What this task involves - The range starts at the line containing "Some of the words" and ends at the last line of the records below. Reproduce those lines exactly.

Dataset extract -

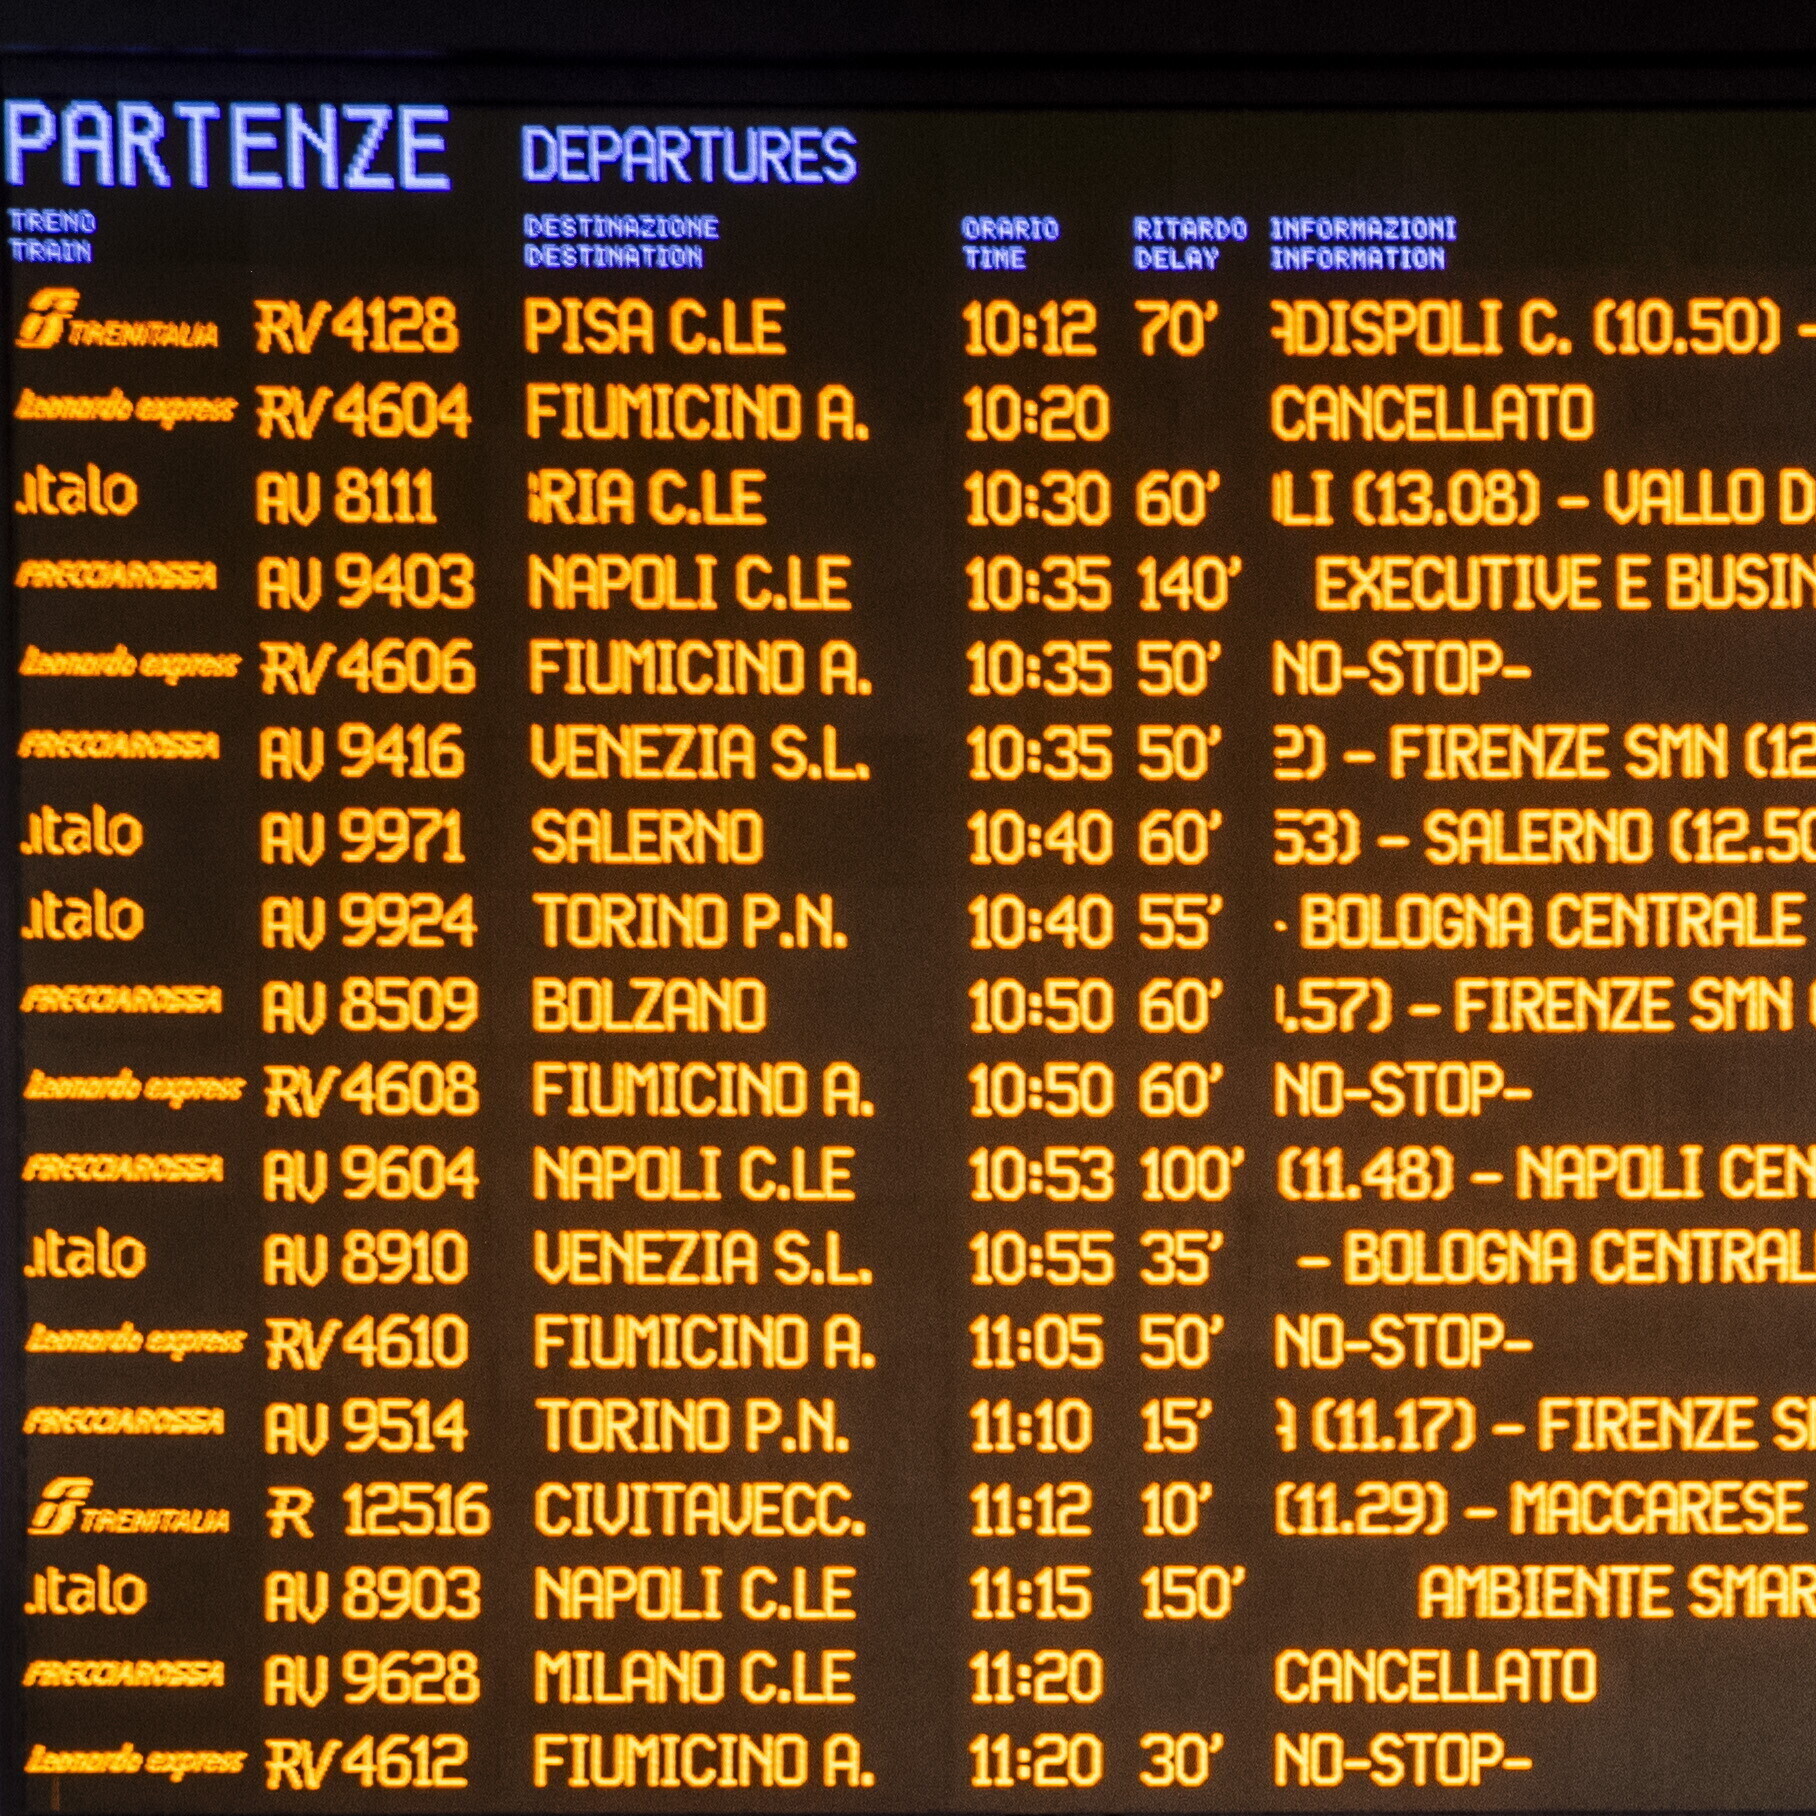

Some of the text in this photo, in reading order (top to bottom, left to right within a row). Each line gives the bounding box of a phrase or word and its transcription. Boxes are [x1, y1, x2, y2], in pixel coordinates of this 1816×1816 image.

[5, 100, 857, 191] PARTENZE DEPARTURES
[9, 209, 96, 234] TRENO
[524, 214, 719, 240] DESTINAZIONE
[962, 216, 1060, 240] ORARIO
[1133, 216, 1248, 241] RITARDO
[1270, 216, 1456, 241] INFORMAZIONI
[10, 238, 92, 263] TRAIN
[524, 244, 703, 269] DESTINATION
[963, 245, 1026, 270] TIME
[1134, 246, 1219, 271] DELAY
[1271, 246, 1445, 270] INFORMATION
[525, 297, 654, 354] PISA
[670, 298, 786, 355] C.LE
[963, 300, 1097, 356] 10:12
[1135, 300, 1218, 357] 70'
[1520, 298, 1572, 356] C.
[1593, 297, 1780, 355] (10.50)
[526, 383, 1594, 441] FIUMICINO A. 10:20 CANCELLATO
[256, 467, 1765, 526] AV 8111 C.LE 10:30 60' (13.08) VALLO
[258, 556, 322, 612] AV
[335, 552, 475, 609] 9403
[529, 554, 718, 610] NAPOLI
[735, 554, 852, 611] C.LE
[965, 555, 1112, 611] 10:35
[1137, 555, 1242, 611] 140'
[1315, 554, 1602, 611] EXECUTIVE
[1615, 553, 1652, 611] E
[260, 727, 324, 782] AV
[338, 722, 465, 778] 9416
[530, 723, 756, 780] VENEZIA
[771, 724, 870, 781] S.L.
[966, 724, 1113, 781] 10:35
[1137, 724, 1222, 781] 50'
[1389, 722, 1611, 781] FIRENZE
[1623, 723, 1729, 780] SMN
[261, 812, 325, 866] AV
[339, 807, 465, 863] 9971
[531, 808, 764, 865] SALERNO
[967, 809, 1113, 865] 10:40
[1423, 807, 1654, 866] SALERNO
[266, 1486, 315, 1538] R
[343, 1481, 491, 1537] 12516
[535, 1481, 866, 1537] CIVITAVECC.
[969, 1481, 1093, 1538] 11:12
[1275, 1480, 1448, 1537] (11.29)
[1509, 1478, 1809, 1535] MACCARESE
[264, 1571, 329, 1624] AV
[342, 1565, 481, 1620] 8903
[1140, 1565, 1246, 1620] 150'
[1417, 1564, 1675, 1619] AMBIENTE
[264, 1647, 1598, 1708] AV 9628 MILANO C.LE 11:20 CANCELLATO
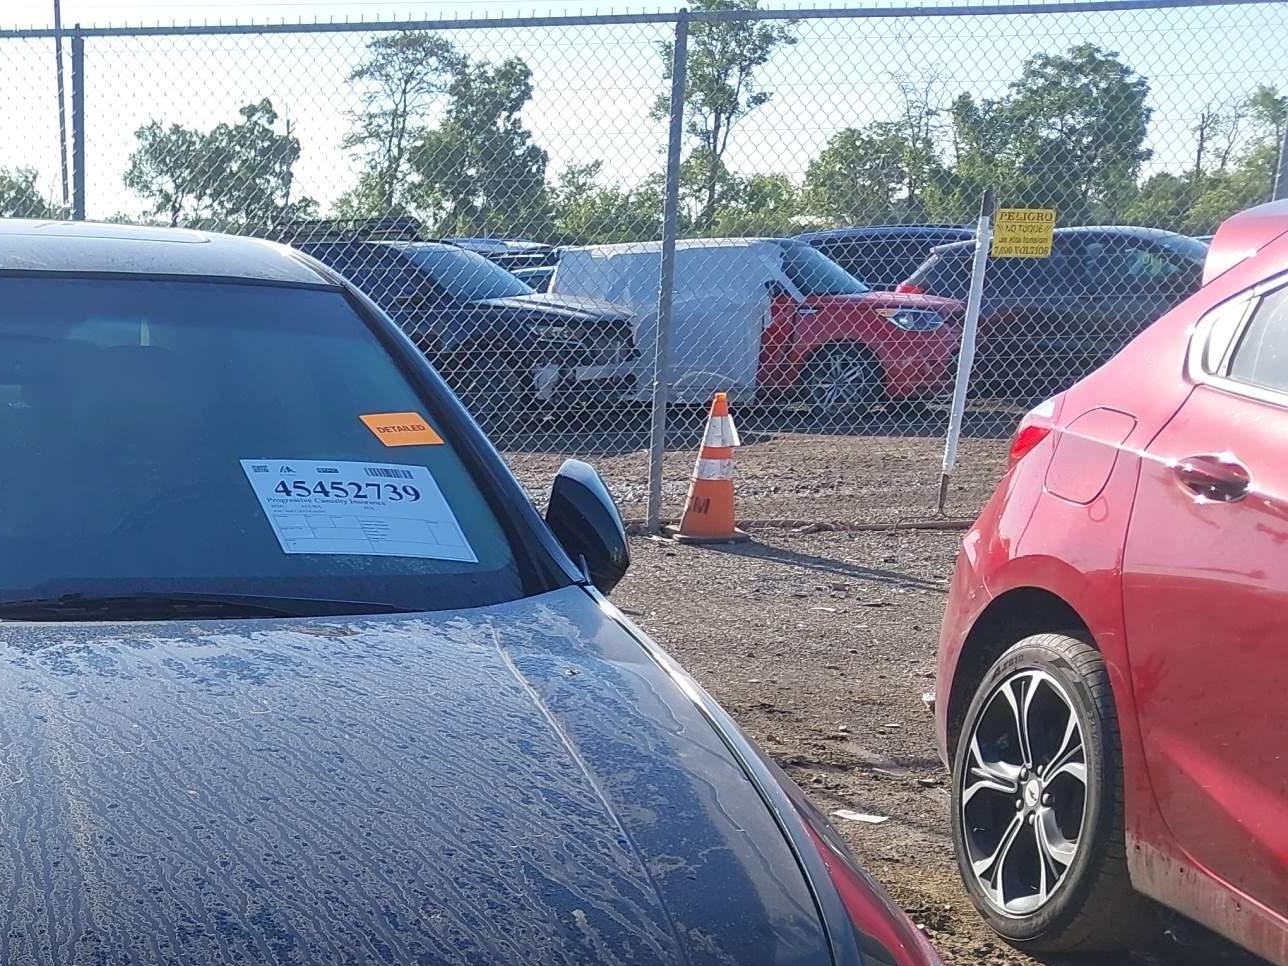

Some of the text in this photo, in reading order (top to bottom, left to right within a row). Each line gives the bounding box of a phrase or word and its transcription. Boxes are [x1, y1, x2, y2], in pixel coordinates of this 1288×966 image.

[1000, 212, 1053, 221] PELIGRO
[1006, 225, 1043, 233] NO TOQUE
[376, 425, 425, 433] DETAILED
[274, 480, 421, 502] 45452739
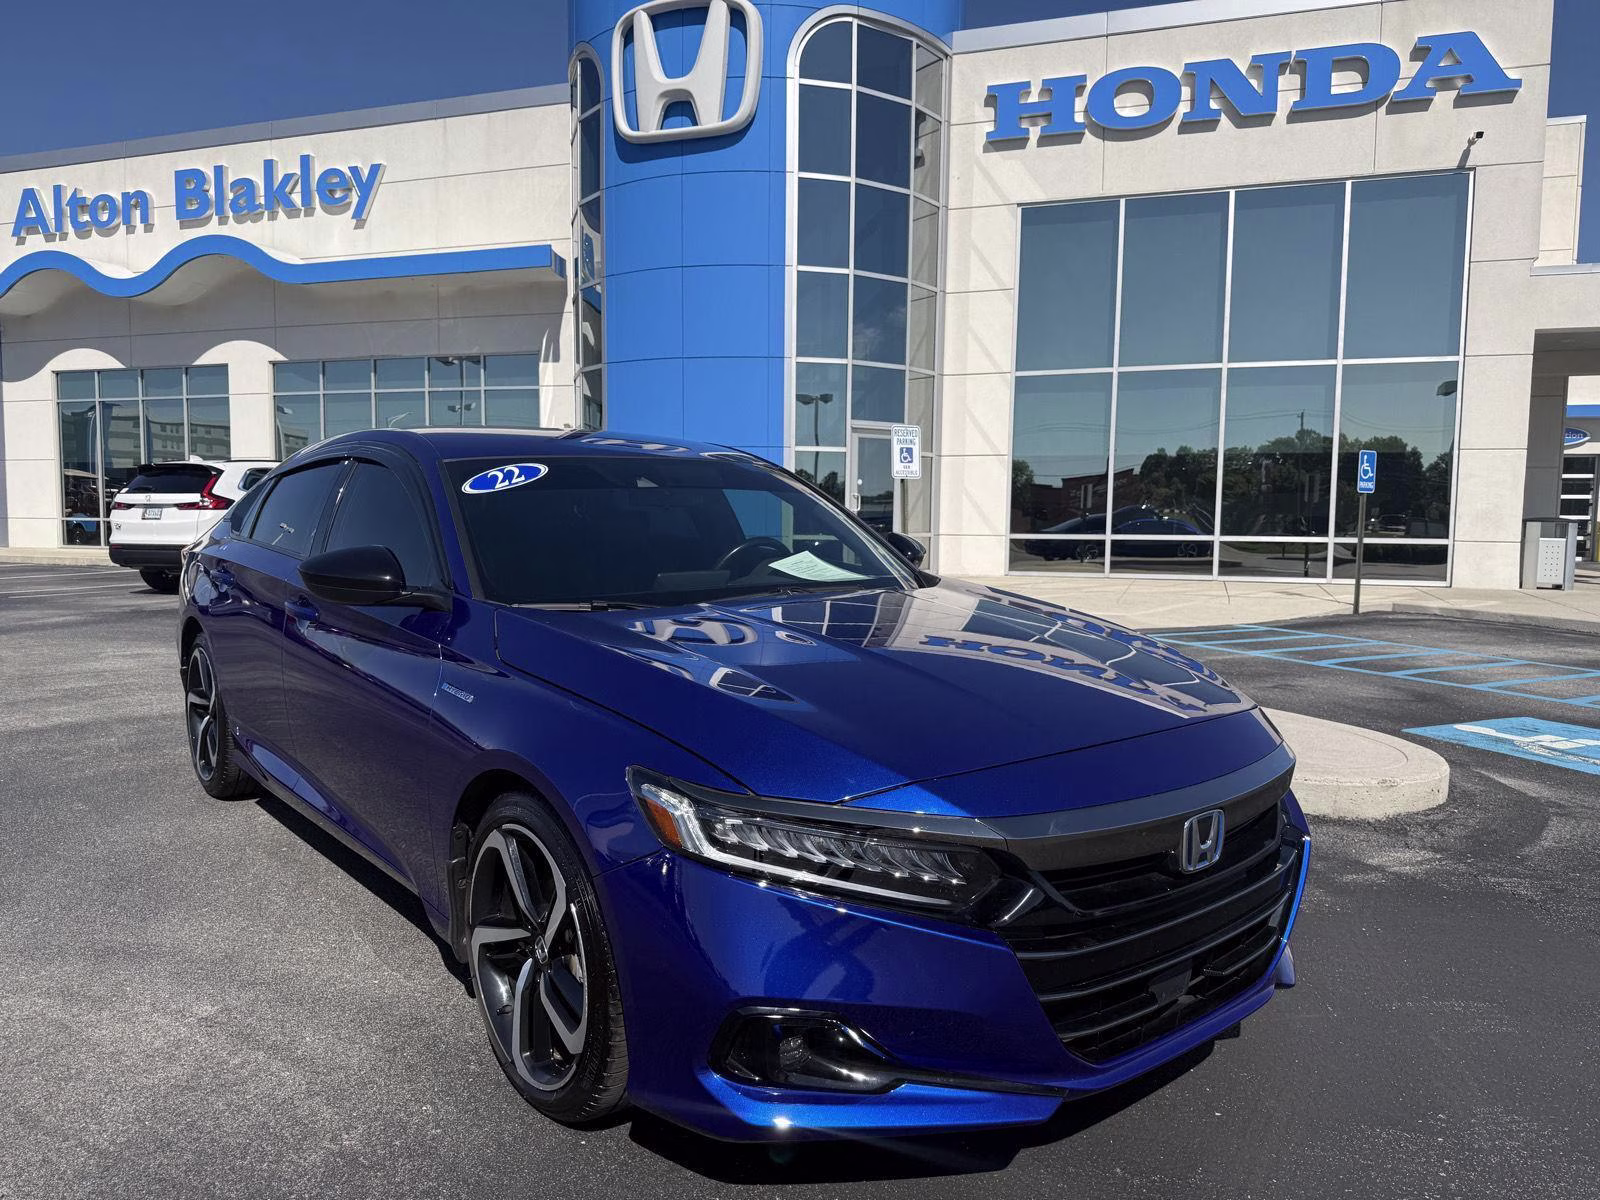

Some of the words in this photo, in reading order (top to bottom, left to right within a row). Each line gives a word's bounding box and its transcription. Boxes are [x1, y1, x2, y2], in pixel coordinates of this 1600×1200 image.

[985, 30, 1523, 143] HONDA
[11, 184, 150, 238] Alton
[174, 154, 384, 221] Blakley
[894, 429, 917, 438] RESERVED
[487, 466, 526, 489] 22
[1359, 481, 1374, 489] PARKING

Written answer -
Some of the words in this photo, in reading order (top to bottom, left to right within a row). Each line gives a word's bounding box and its transcription. Boxes are [x1, y1, x2, y2], in pixel coordinates of this 1600×1200 image.

[985, 30, 1523, 143] HONDA
[11, 184, 150, 238] Alton
[174, 154, 384, 221] Blakley
[894, 429, 917, 438] RESERVED
[487, 466, 526, 489] 22
[1359, 481, 1374, 489] PARKING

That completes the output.